For Immediate Release
Portrait Art: The New D&I Business Tool
Diversity & Inclusion Leaders Giving Office Walls, Boardrooms a Facelift
HALIFAX, Nova Scotia, Canada — These days, diversity and inclusion (D&I) is a business imperative for companies. A Nova Scotia-based business is offering companies a creative and powerful D&I tool: portrait art.
Portrait art "isn’t really a new business tool," said artist and owner of Great Women Productions, Jo Napier. Portraits have historically "always been used to reflect legacy and values" but, now, women leaders, in particular, are embracing portrait "as a subtle but powerful 'design intervention' they can use to help shift mindsets and battle unconscious bias."

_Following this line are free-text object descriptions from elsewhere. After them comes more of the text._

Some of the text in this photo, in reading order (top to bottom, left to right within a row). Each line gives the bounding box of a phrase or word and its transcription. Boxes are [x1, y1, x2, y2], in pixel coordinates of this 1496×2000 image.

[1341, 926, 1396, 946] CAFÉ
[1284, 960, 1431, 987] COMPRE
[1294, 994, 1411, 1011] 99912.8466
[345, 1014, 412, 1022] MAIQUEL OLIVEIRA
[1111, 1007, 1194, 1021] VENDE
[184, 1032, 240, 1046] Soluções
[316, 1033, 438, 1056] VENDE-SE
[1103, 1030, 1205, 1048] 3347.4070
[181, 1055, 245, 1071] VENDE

"Diversity leaders are looking beyond their D&I compliance goals... looking for ways to integrate diversity into office cultures on a daily basis. Portraits are a portal to what is possible for employees.
"If the portraits that hang in an office are only of male leaders, what does that say? And how does that impact the employees?”

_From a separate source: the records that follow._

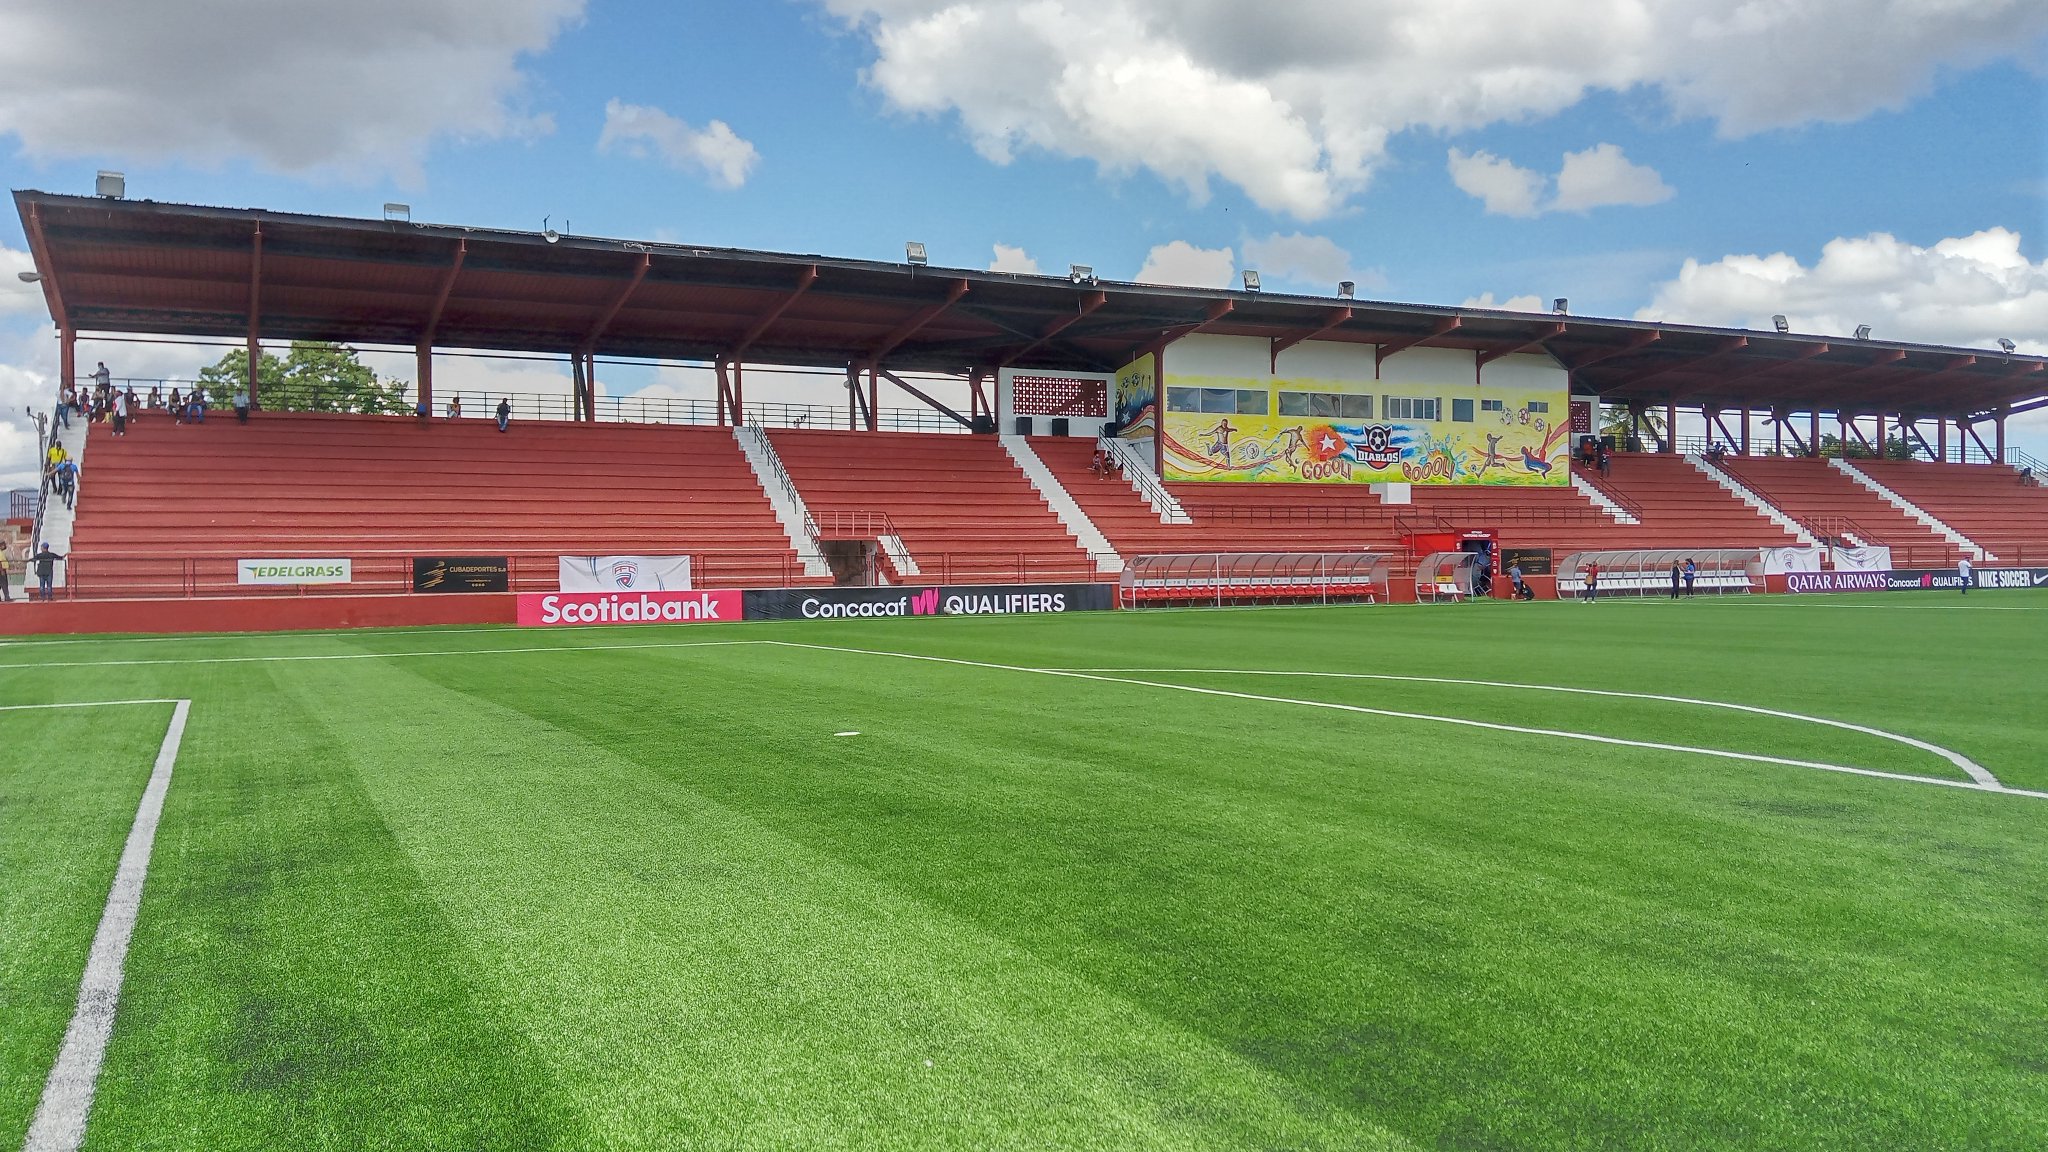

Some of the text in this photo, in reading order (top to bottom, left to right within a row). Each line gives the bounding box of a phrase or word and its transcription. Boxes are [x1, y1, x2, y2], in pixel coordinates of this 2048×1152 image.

[1357, 450, 1399, 463] DIABLOS
[1787, 573, 1886, 593] QATAR AIRWAYS
[1887, 578, 1921, 588] Concacaf
[1932, 576, 1973, 587] QUALIFIES
[1978, 570, 2031, 588] NIKE SOCCER
[541, 593, 720, 624] Scotiabank
[801, 596, 907, 619] Concacaf
[945, 593, 1066, 615] QUALIFIERS

Companies need to create inclusive-feeling work cultures - or risk losses… in market share, in their pools of candidates, even in profits, said Napier, who is founder of The Great Women Portrait Project.
In today’s hyper-competitive economic environment, organizations must evolve to succeed.
"Companies already use standard business tools – mission statements, logos, annual reports – to communicate their values,” said Napier, who collaborates with her clients, including investment firms, medical schools and government, to create portraits of pioneers. Hanging a portrait of a female pioneer, who accomplished something significant in your professional field - that's a D&I act that organizations can do something, every day, to shift culture and mindsets. It's a subtle, yet powerful, thing to do."
Diversity Training: Does It Change Mindsets?
The data shows diverse, inclusive organizations aren’t just better places to work – they work better - and that an inclusive-feeling work culture is something that is expected today by the new generation of employees.
A 2021 report interviewing D&I leaders (Addressing Diversity and Inclusion: Going Beyond the Benchmark - Workplace Intelligence, Oracle) reveals 70 % of the new generation want to work for a company that reflects a genuine commitment to inclusion.
U.S. corporations spend $8 billion annually on diversity training but the research shows a dearth of evidence as to whether they really work. Work done by behavioural scientists reveals that a key issue centers on whether diversity training actually change mindsets.
Cultures of Inclusion: Attract, and Retain, Top Talent
Corporate leaders often agree that D&I is about four elements: winning in the marketplace; leveraging talent to yield the best performance; creating a high-culture for high-performance talent; and making progress over time, not overnight.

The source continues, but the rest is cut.